Finding limits with a radical in the denominator involves first simplifying the expression by rationalizing the denominator. This means multiplying the numerator and denominator by the conjugate of the radical, which eliminates the radical in the denominator. Then, the limit can be evaluated by plugging in the value that the variable approaches to the simplified expression.

## 2. Can the limit of a function with a radical in the denominator exist?

Yes, the limit of a function with a radical in the denominator can exist as long as the limit of the simplified expression exists. However, it is important to note that if the simplified expression has a denominator of zero, the limit does not exist.

## 3. How do I know if I need to rationalize the denominator when finding a limit?

You should try to rationalize the denominator when finding a limit if the expression has a radical in the denominator and the variable approaches a value that would make the denominator equal to zero. This is because the limit would not exist in this case, so rationalizing the denominator is necessary to find the limit.

## 4. Can I use L'Hopital's rule to find the limit of a function with a radical in the denominator?

Yes, L'Hopital's rule can be used to find the limit of a function with a radical in the denominator. This rule states that if the limit of a function can be written as the form of 0/0 or ∞/∞, then the limit can be found by taking the derivative of both the numerator and denominator and evaluating the limit again.

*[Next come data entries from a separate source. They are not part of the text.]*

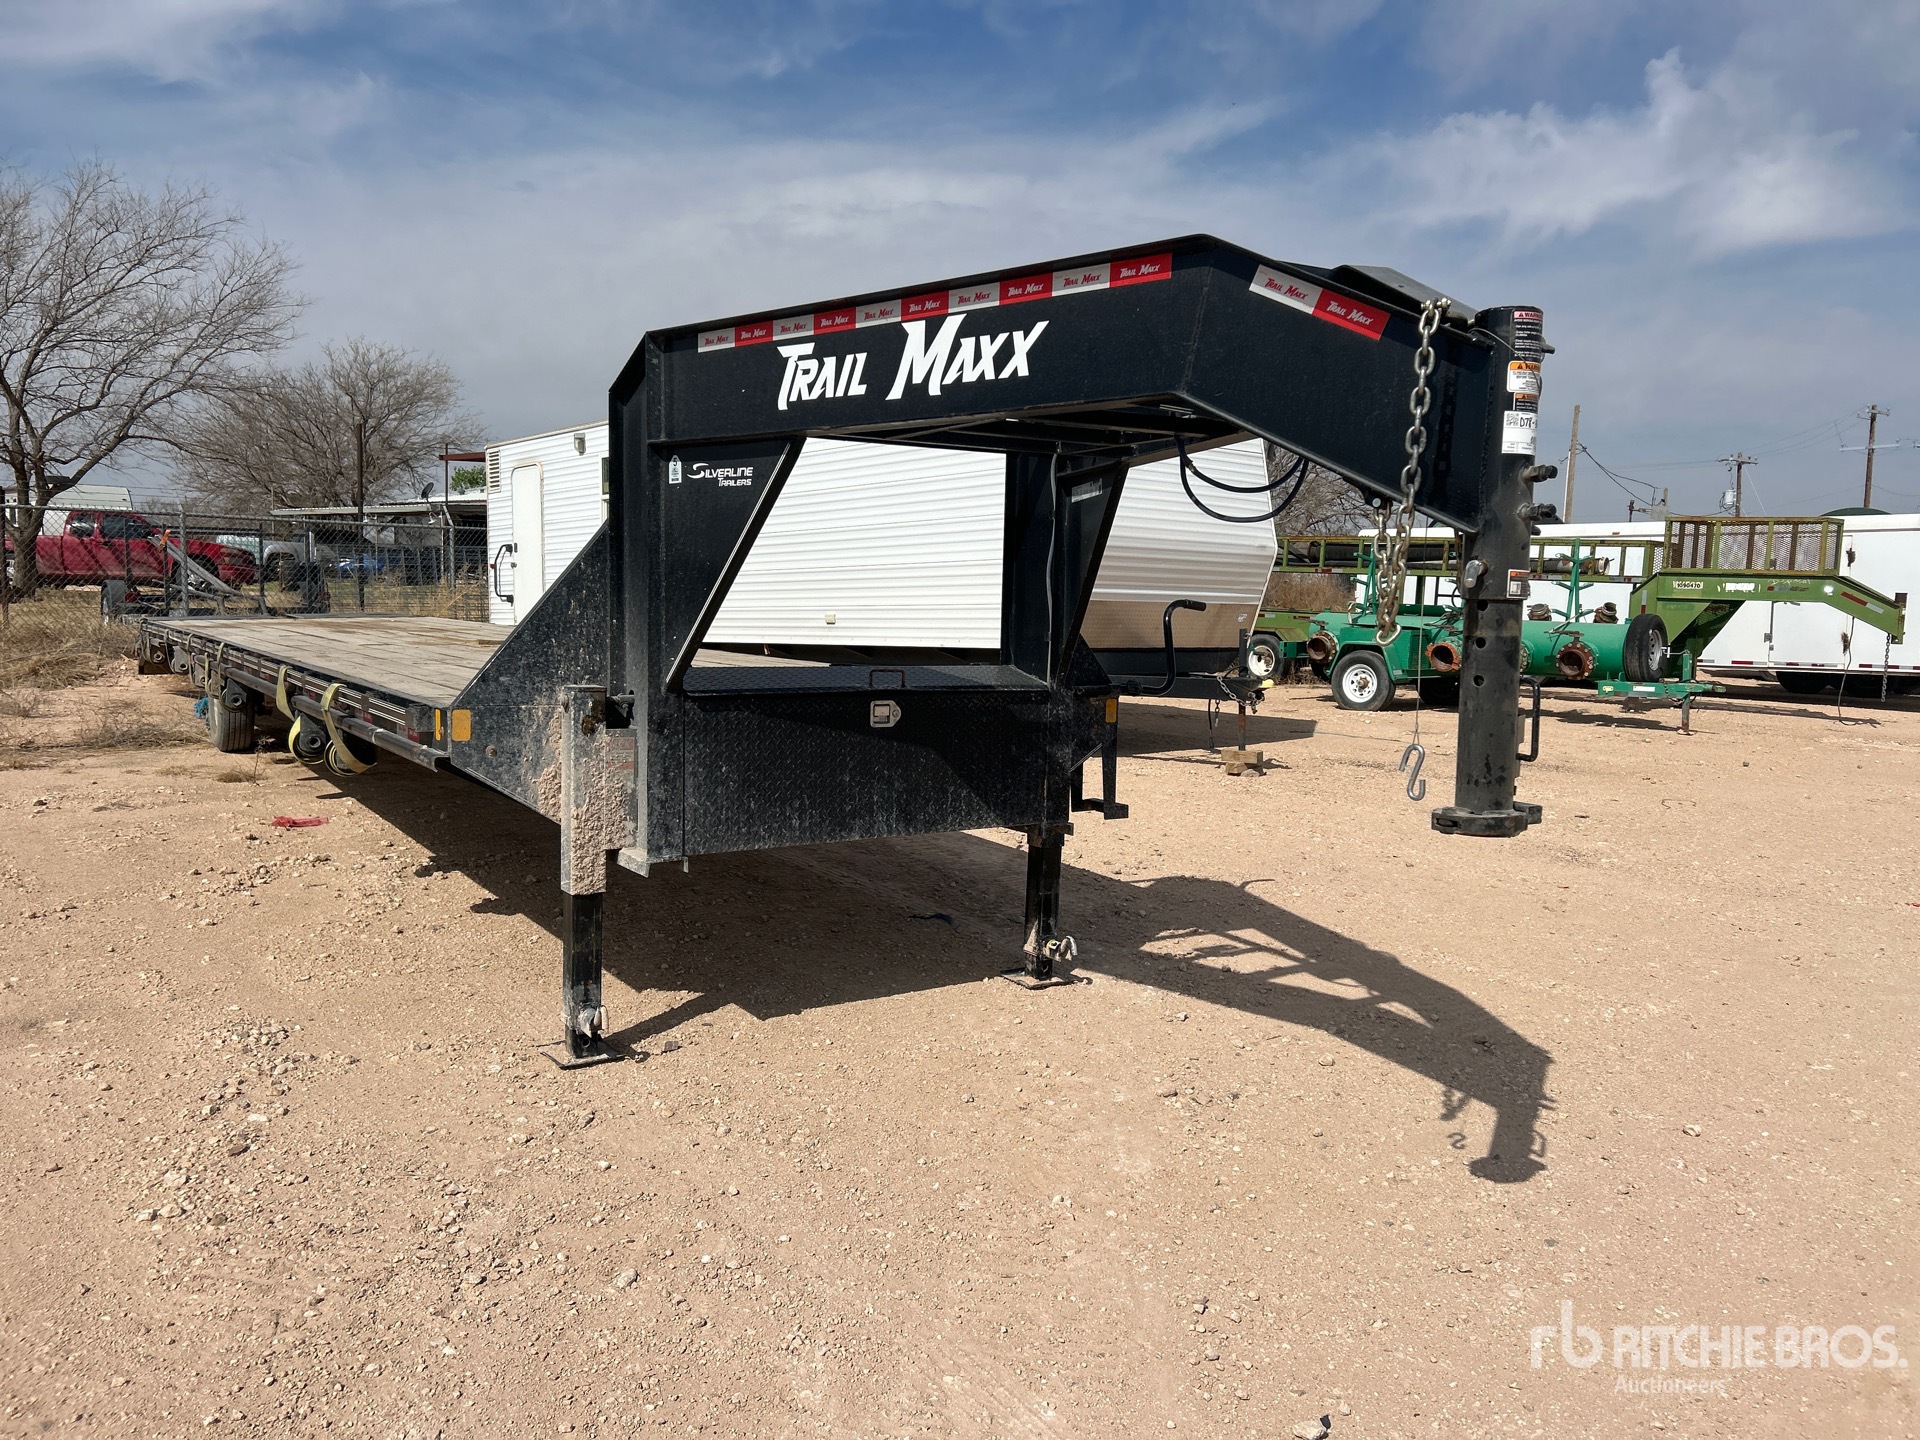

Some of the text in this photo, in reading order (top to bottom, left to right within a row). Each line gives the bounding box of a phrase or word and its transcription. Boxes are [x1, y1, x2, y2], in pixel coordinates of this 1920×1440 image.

[1120, 264, 1160, 278] TRAIL MAXX
[1264, 278, 1308, 300] TRAIL MAXX
[1327, 301, 1373, 325] TRAIL MAXX
[777, 314, 1049, 410] TRAIL MAXX
[718, 478, 752, 486] TRAILERS

## 5. Are there any restrictions when using the rationalization method to find limits?

Yes, there are some restrictions when using the rationalization method to find limits. This method can only be used when the limit of the simplified expression exists, and the denominator cannot equal zero. Additionally, the limit may not exist if the expression has a radical with an odd index, such as √x^3, as the simplified expression would have a negative value under the radical.